**DIRECTIONS**
For each record, copy the text exactly and omit any picture it holds.

**INPUT DATA**

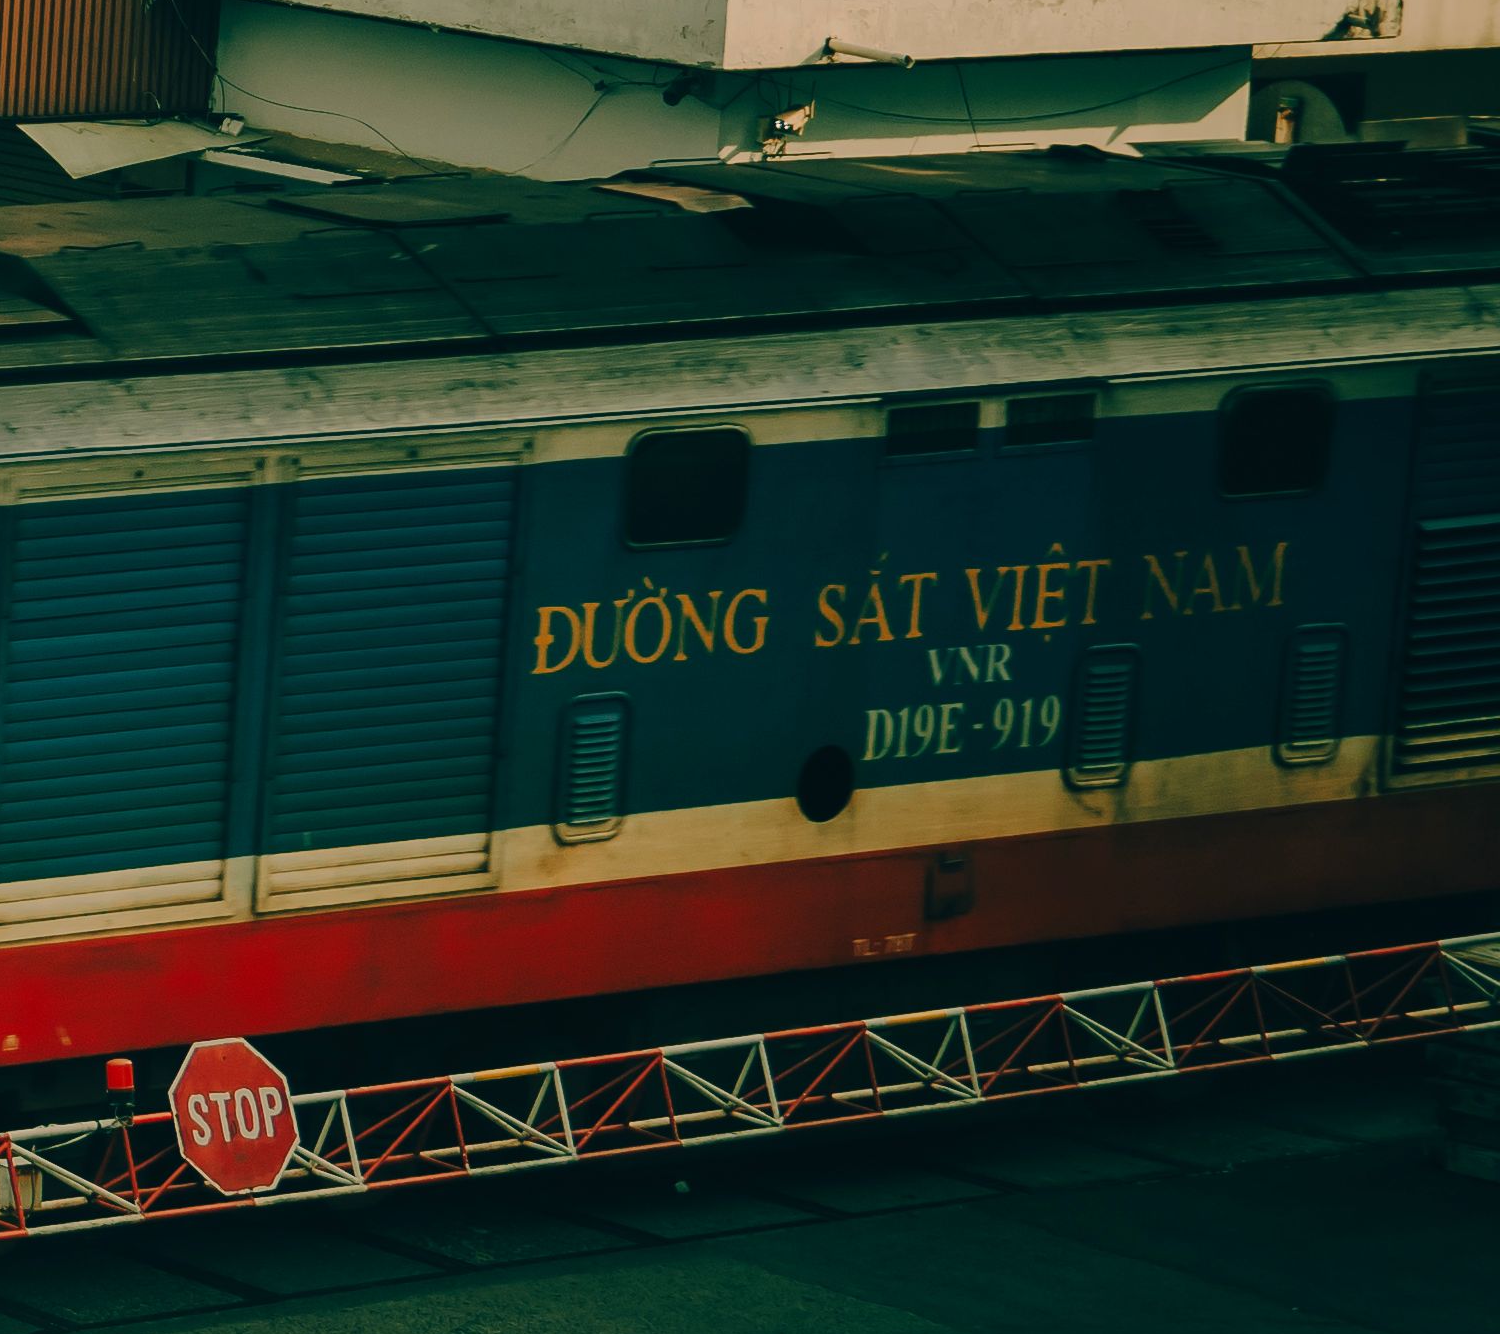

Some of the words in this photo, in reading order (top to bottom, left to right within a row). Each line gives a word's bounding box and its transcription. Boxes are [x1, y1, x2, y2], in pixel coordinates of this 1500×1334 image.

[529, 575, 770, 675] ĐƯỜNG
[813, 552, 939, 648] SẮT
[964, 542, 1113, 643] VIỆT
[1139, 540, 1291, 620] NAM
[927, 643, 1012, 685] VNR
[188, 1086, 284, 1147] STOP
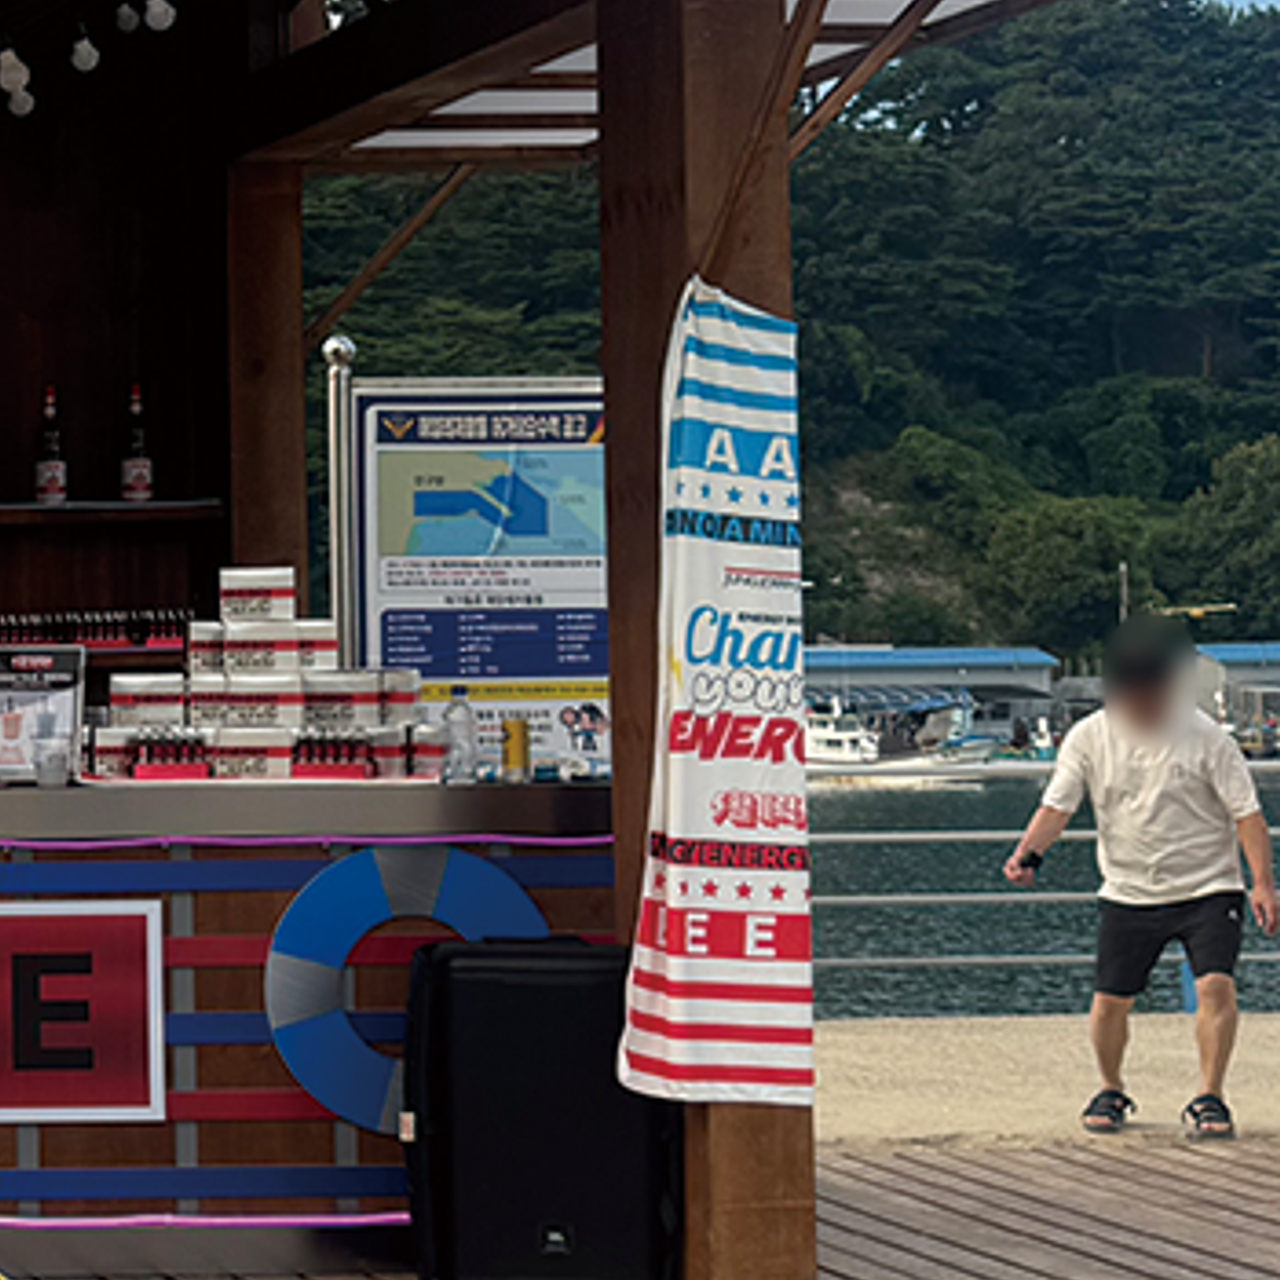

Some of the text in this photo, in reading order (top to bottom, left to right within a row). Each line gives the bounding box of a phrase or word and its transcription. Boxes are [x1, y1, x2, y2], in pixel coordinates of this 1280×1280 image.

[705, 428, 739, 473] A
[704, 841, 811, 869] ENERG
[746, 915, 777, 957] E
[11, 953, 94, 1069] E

**ANSWER FOR THE TASK**
Some of the words in this photo, in reading order (top to bottom, left to right within a row). Each line gives a word's bounding box and its transcription. Boxes are [x1, y1, x2, y2], in pixel coordinates of this 1500×1334 image.

[529, 575, 770, 675] ĐƯỜNG
[813, 552, 939, 648] SẮT
[964, 542, 1113, 643] VIỆT
[1139, 540, 1291, 620] NAM
[927, 643, 1012, 685] VNR
[188, 1086, 284, 1147] STOP

Some of the text in this photo, in reading order (top to bottom, left to right within a row). Each line gives the bounding box of a phrase or word and its transcription. Boxes are [x1, y1, x2, y2], in pixel coordinates of this 1280×1280 image.

[705, 428, 739, 473] A
[704, 841, 811, 869] ENERG
[746, 915, 777, 957] E
[11, 953, 94, 1069] E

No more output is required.